■ EXERCISE INSTRUCTIONS
Return exactly, please, the lines from the one containing "this 1288×966 image." to the last line of the entries below, and nothing else, leaving pictures out.

■ EXCERPTED DATA
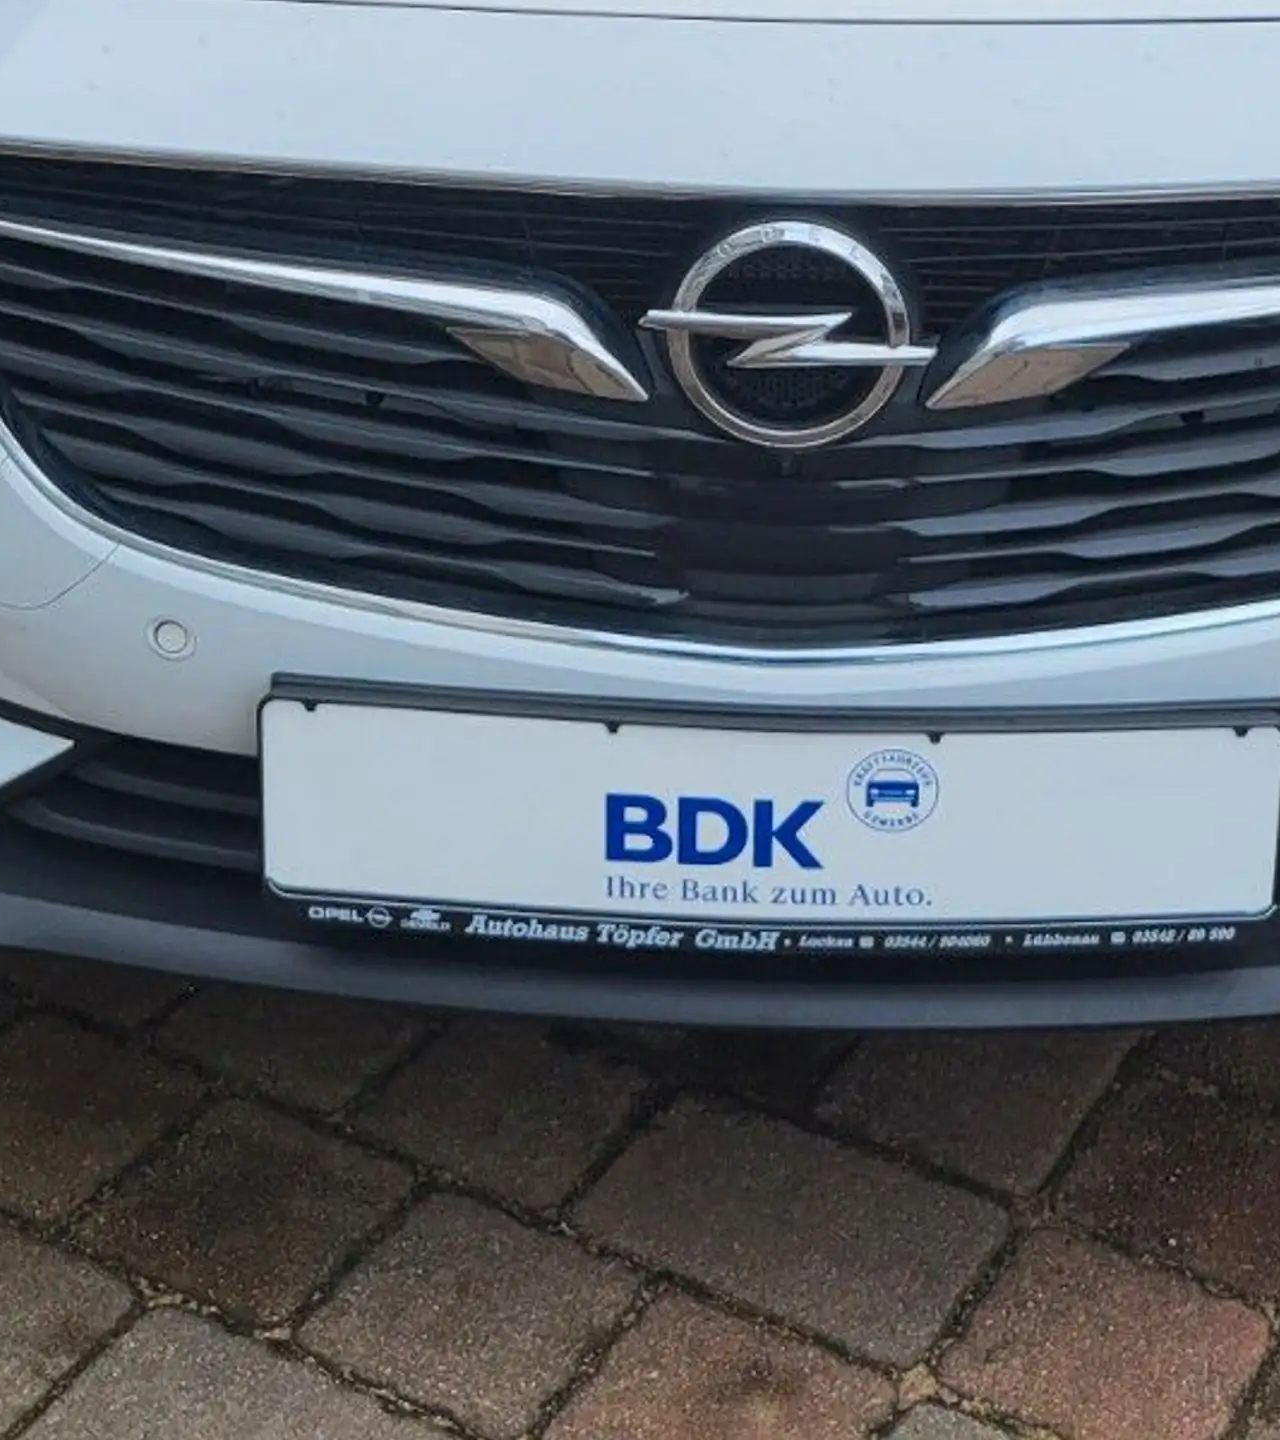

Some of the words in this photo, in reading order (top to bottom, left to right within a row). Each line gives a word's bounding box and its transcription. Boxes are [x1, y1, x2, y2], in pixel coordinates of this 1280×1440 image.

[605, 793, 825, 870] BDK
[606, 876, 669, 901] Ihre
[681, 878, 760, 904] Bank
[770, 885, 837, 906] zum
[846, 884, 934, 908] Auto.
[308, 905, 364, 923] OPEL
[464, 913, 590, 942] Autohaus
[595, 921, 684, 948] Töpfer
[693, 927, 781, 951] GmbH
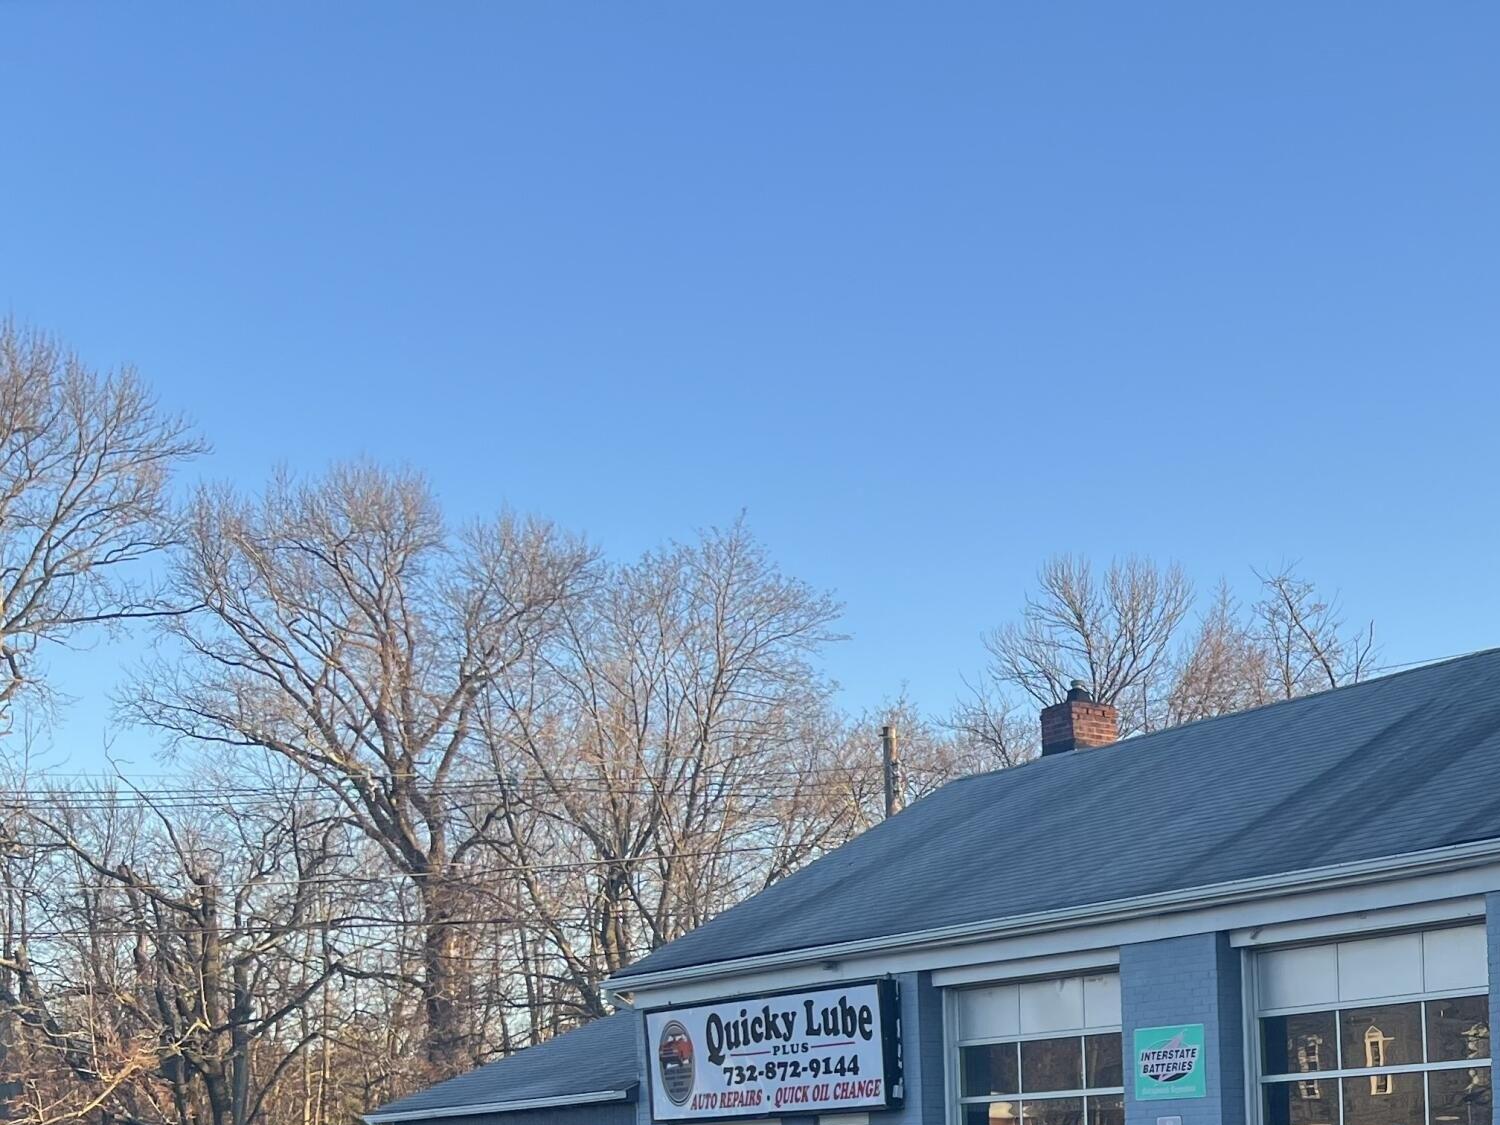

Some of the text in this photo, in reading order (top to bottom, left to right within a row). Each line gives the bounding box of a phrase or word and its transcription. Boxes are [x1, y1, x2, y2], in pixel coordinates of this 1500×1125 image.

[705, 995, 873, 1066] Quicky Lube
[772, 1042, 809, 1056] PLUS
[1141, 1048, 1197, 1062] INTERSTATE
[723, 1055, 860, 1086] 732-872-9144
[1142, 1061, 1193, 1074] BATTERIES
[690, 1078, 882, 1111] AUTO REPAIRS QUICK OIL CHANGE
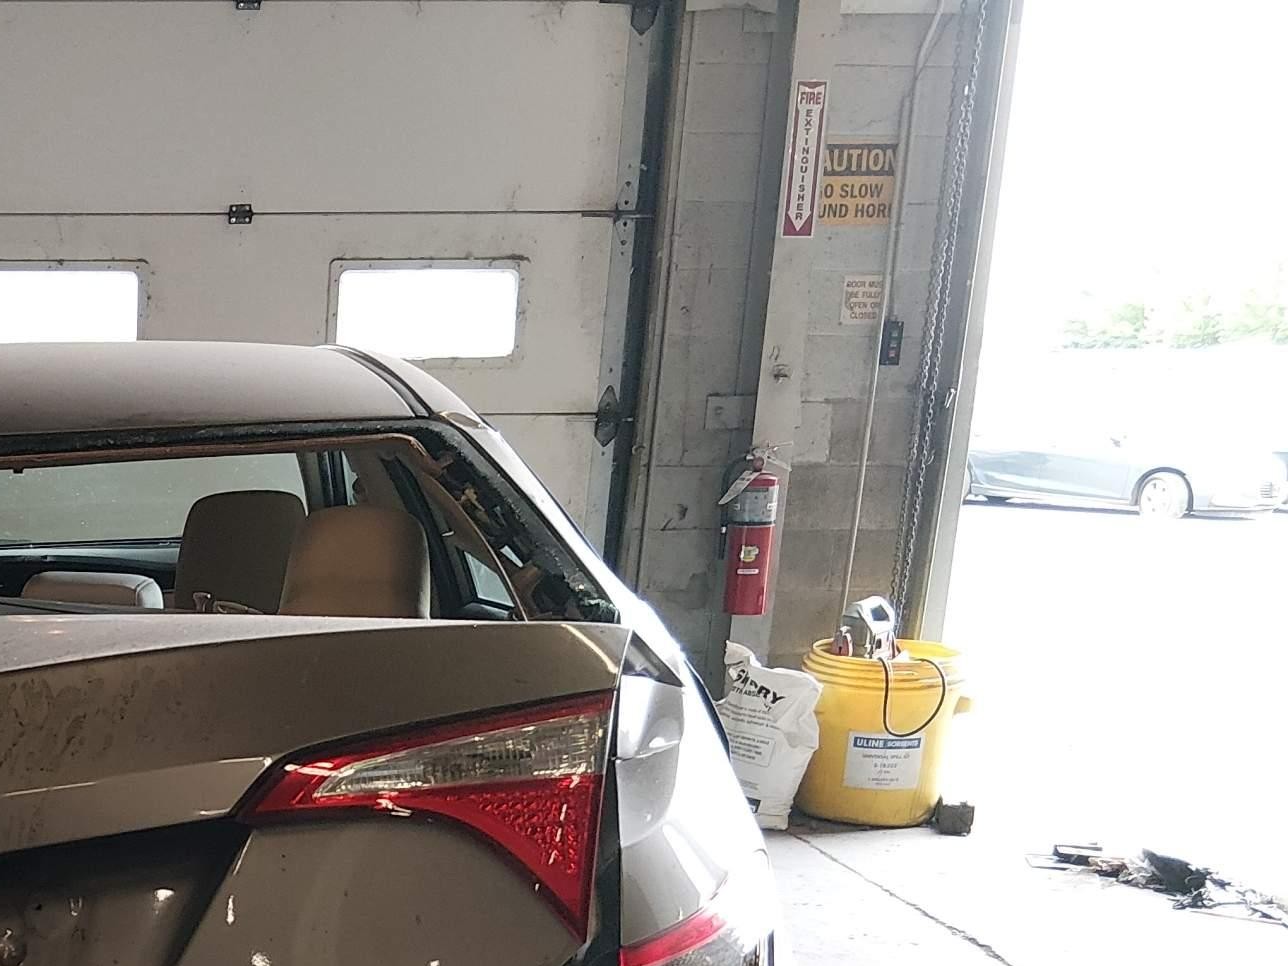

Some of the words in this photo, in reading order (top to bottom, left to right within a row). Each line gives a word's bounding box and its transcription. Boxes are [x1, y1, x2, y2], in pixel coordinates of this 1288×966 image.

[799, 91, 823, 106] FIRE
[795, 109, 813, 221] EXTINGUISHER
[823, 148, 895, 172] AUTION
[819, 183, 834, 199] O
[839, 183, 884, 199] SLOW
[817, 203, 849, 219] UND
[856, 738, 884, 748] ULINE
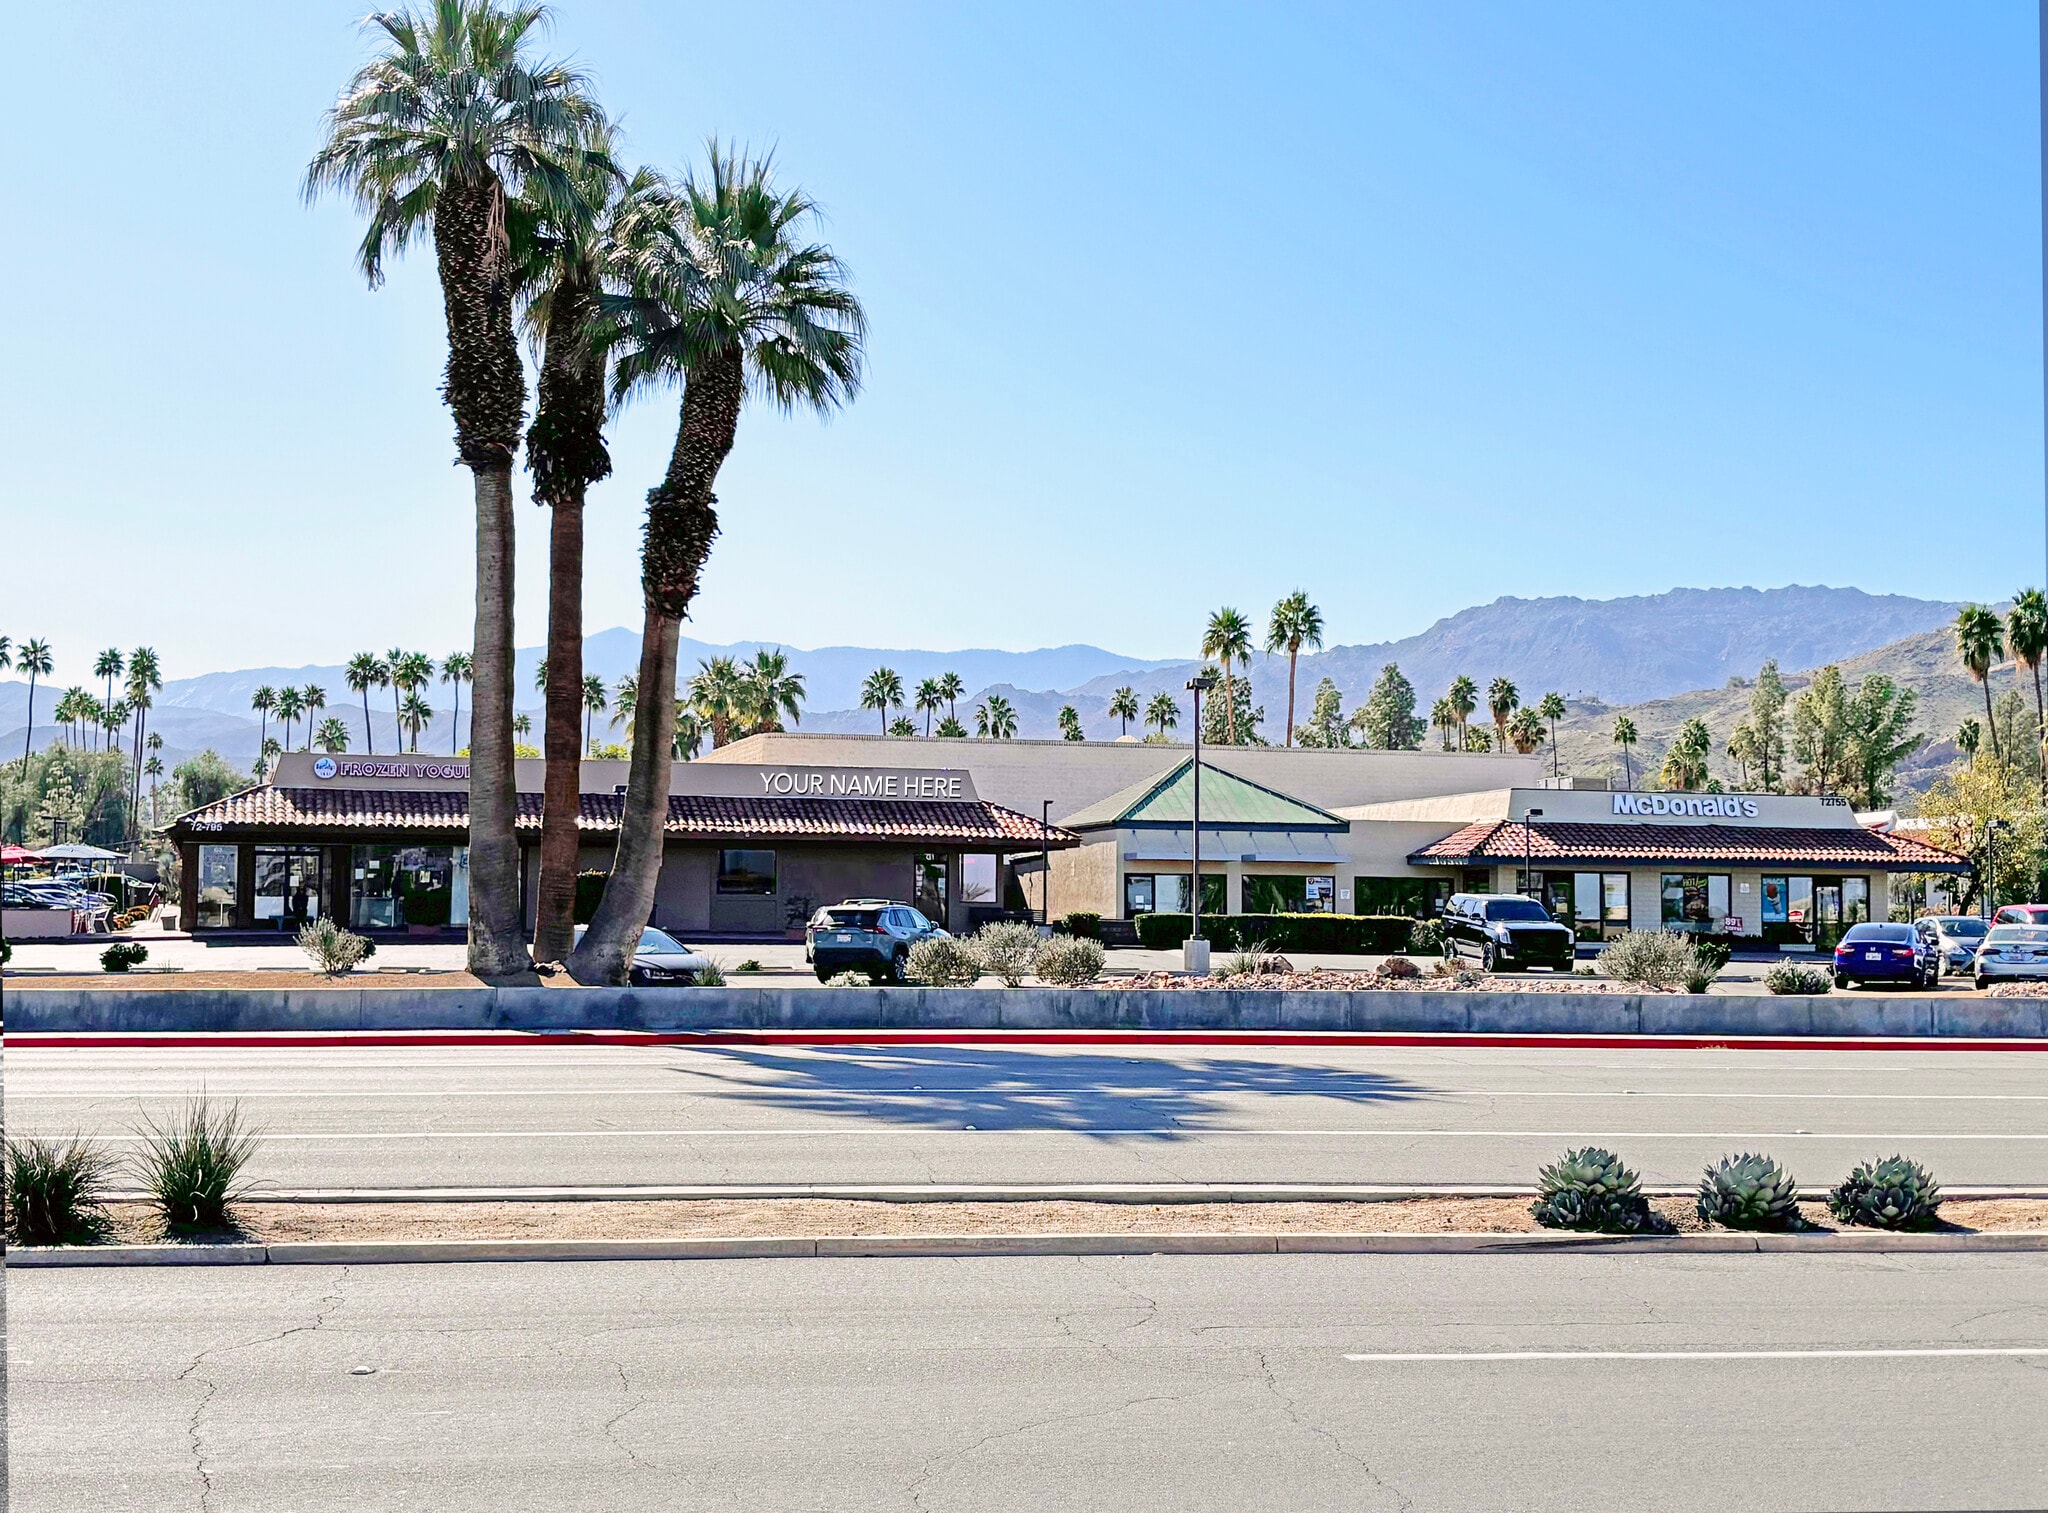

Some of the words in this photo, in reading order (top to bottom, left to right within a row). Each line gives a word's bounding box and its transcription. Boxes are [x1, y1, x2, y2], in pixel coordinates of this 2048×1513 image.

[340, 761, 410, 778] FROZEN
[760, 772, 824, 795] YOUR
[830, 774, 898, 797] NAME
[904, 776, 962, 798] HERE
[1613, 794, 1759, 818] McDonald's
[1820, 797, 1847, 807] 72755

■ RESULT FOR THIS EXERCISE
Some of the words in this photo, in reading order (top to bottom, left to right within a row). Each line gives a word's bounding box and its transcription. Boxes are [x1, y1, x2, y2], in pixel coordinates of this 1288×966 image.

[799, 91, 823, 106] FIRE
[795, 109, 813, 221] EXTINGUISHER
[823, 148, 895, 172] AUTION
[819, 183, 834, 199] O
[839, 183, 884, 199] SLOW
[817, 203, 849, 219] UND
[856, 738, 884, 748] ULINE

Some of the words in this photo, in reading order (top to bottom, left to right within a row). Each line gives a word's bounding box and its transcription. Boxes are [x1, y1, x2, y2], in pixel coordinates of this 2048×1513 image.

[340, 761, 410, 778] FROZEN
[760, 772, 824, 795] YOUR
[830, 774, 898, 797] NAME
[904, 776, 962, 798] HERE
[1613, 794, 1759, 818] McDonald's
[1820, 797, 1847, 807] 72755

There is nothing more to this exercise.